A. While confusion and forgetfulness need to be medically checked out and often signal the onset of dementia, it’s also possible that these symptoms are caused by poor medication control, poor diet or just plain loneliness. Often, when moved to a place where an elder can interact with peers, some of the confusion and forgetfulness falls away. Even if it doesn’t, at least there are people around to help the elder feel safe.
Q. Do assisted living centers provide help with medication? With transportation?
A. You’ll find assisted living centers can be very different in what they offer as part of the “basic package.” This is one area to be very specific about. Ask questions. Is transportation provided to doctor appointments? If so, do we pay extra? Is an escort provided? Is there someone who can set up medications? If so, is that extra?
What you’ll notice about many assisted living centers is that they provide a pleasant place to live, good quality food with many choices, activities and social time, plus emergency call lights and other ways for the elder to get help, if needed. But most other services will need to be arranged for, and they will cost extra. Make a list before you tour places. Ask every question you can think of. Then go home and think some more. What is covered in the basic price and what is extra? That is the big, big question.
Q. Does the elder seem frightened of strangers or just generally unsafe?
A. This can happen, especially as old neighbors move away and younger families or “strangers” move into surrounding homes. Neighborhoods change, and an elder can become isolated. Isolation can bring on depression and fear.This is a sign a change is needed.
Q. What about money? Isn’t Assisted living expensive?

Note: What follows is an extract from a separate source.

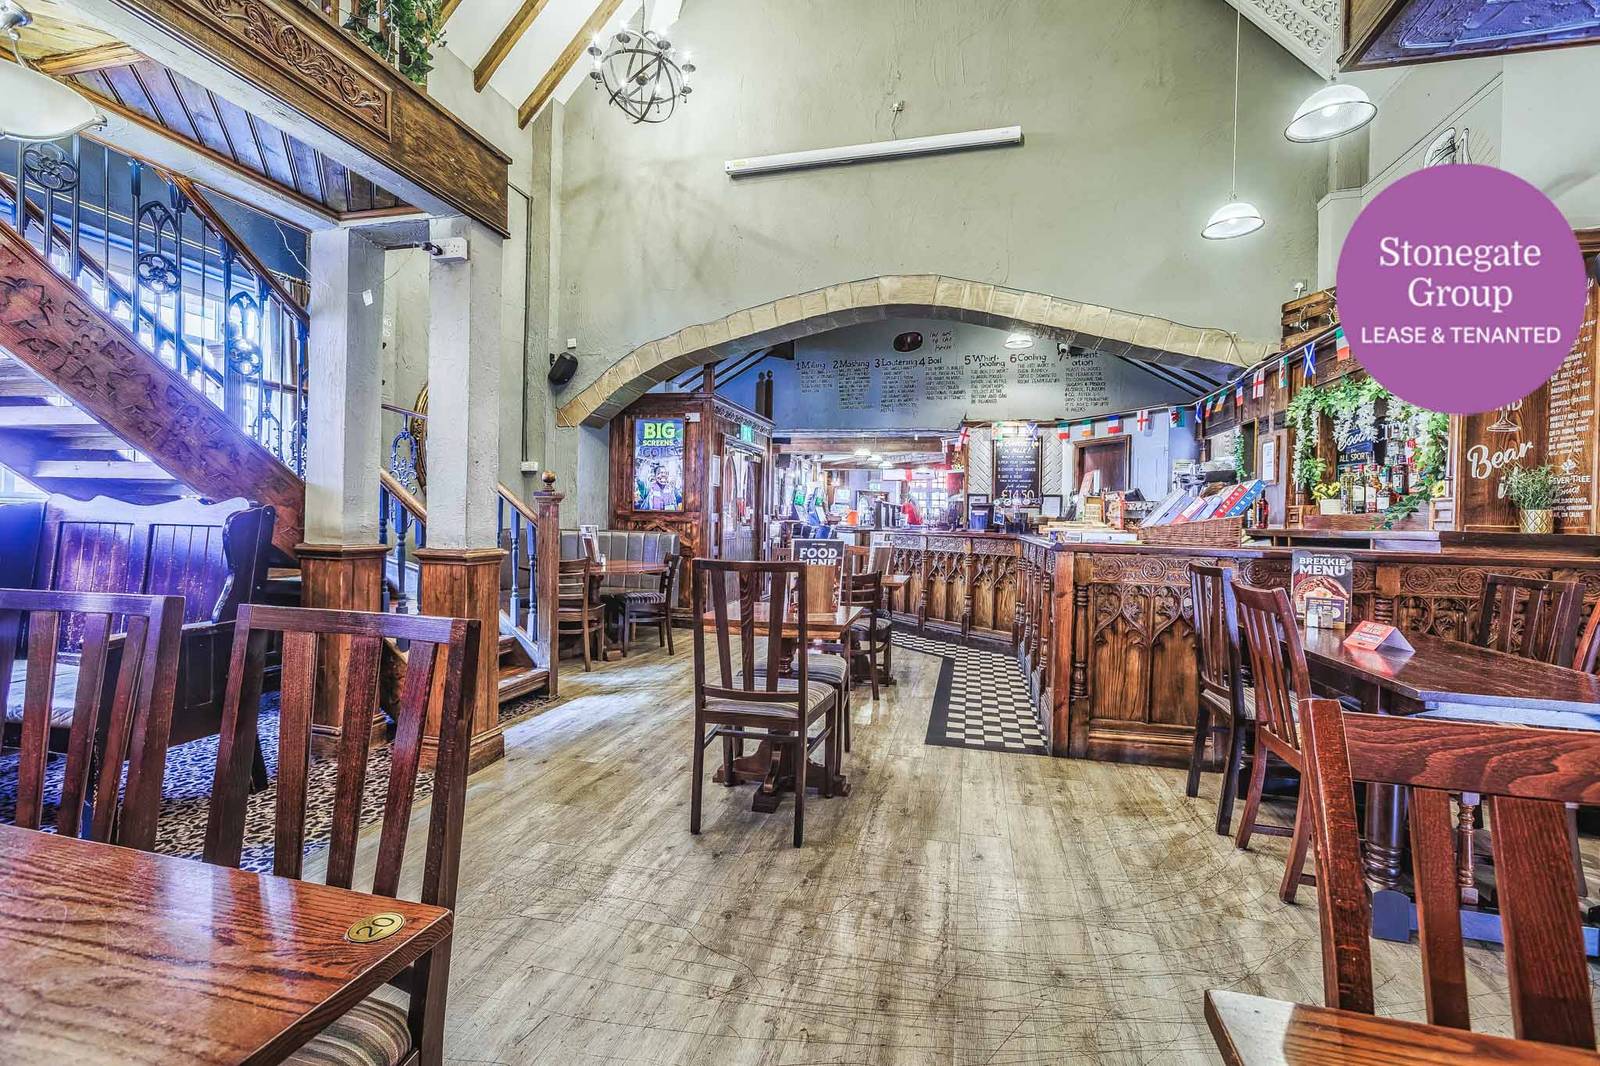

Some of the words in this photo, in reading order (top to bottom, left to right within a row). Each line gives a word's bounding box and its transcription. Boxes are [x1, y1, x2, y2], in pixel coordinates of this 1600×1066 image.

A. Yes. But so is in-home care and so are nursing homes. When my uncle was receiving eight hours a day of in-home care, he was paying more per month than he paid for assisted living, where he had people on call day and night, meals provided and peers to converse with. All care, at least as our health system exists today, is expensive. There are some long-term policies that cover assisted living, particularly newer ones. But, likely if your elder bought a policy years ago, it was called “nursing home insurance,” and that is all it covers. So, again, yes. Assisted living is expensive.

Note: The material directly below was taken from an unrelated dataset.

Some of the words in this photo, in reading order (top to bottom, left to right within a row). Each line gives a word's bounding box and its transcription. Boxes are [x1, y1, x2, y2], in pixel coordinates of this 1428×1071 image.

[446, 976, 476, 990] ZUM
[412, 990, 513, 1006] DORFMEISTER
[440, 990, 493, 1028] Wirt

My mother and I toured several assisted living centers. There were different levels of care in them. Many were more like resorts than apartments. Some were quite humble. There are also assisted living homes where a residential type home is set up to care for several elders. The options are endless, and quality can differ dramatically.
Q. Are assisted living centers regulated like nursing homes?
A. No. There isn’t, now, a government standard like there is for nursing homes. While you need to be careful about selecting nursing homes even with all of the regulations, assisted living, as it is these days, kind of slid in sideways. They aren’t nursing homes, therefore they aren’t regulated as such. Yet, there aren’t many regulations aimed at how they should function. Therefore, you need to be extra careful about what you are getting. Check references. Look around. Do all of the investigating you would if you were choosing a nursing home – only more.
Q. I’ve heard of contract problems. Do you have to sign a lease?
A. This is one area where, unless the contract or lease is very simple and not long-term, you may want to be specific enough to even have the papers you sign checked by an elder attorney or estate attorney. I, personally, haven’t run into anyone who has had trouble with leases and contracts – at least any more problems than leasing an apartment. But nationally, I know there have been problems.
I wrote about a Web site and book in a previous article on assisted living here on Our Alzheimer’s. You can find some answers by checking out this site. You’ll also find you have more questions than you thought. However, the questions above are the ones I'm most frequently asked. Take this list along and begin your search.
You may find you have a “Henry” on your hands, who, with a lot of prodding, may find a new lease on life once he has gotten into a safe, social atmosphere. Do your homework, but don’t write it off because of expense. It may be a better bargain (if bargain is the right word) than an elder staying at home with in-home care.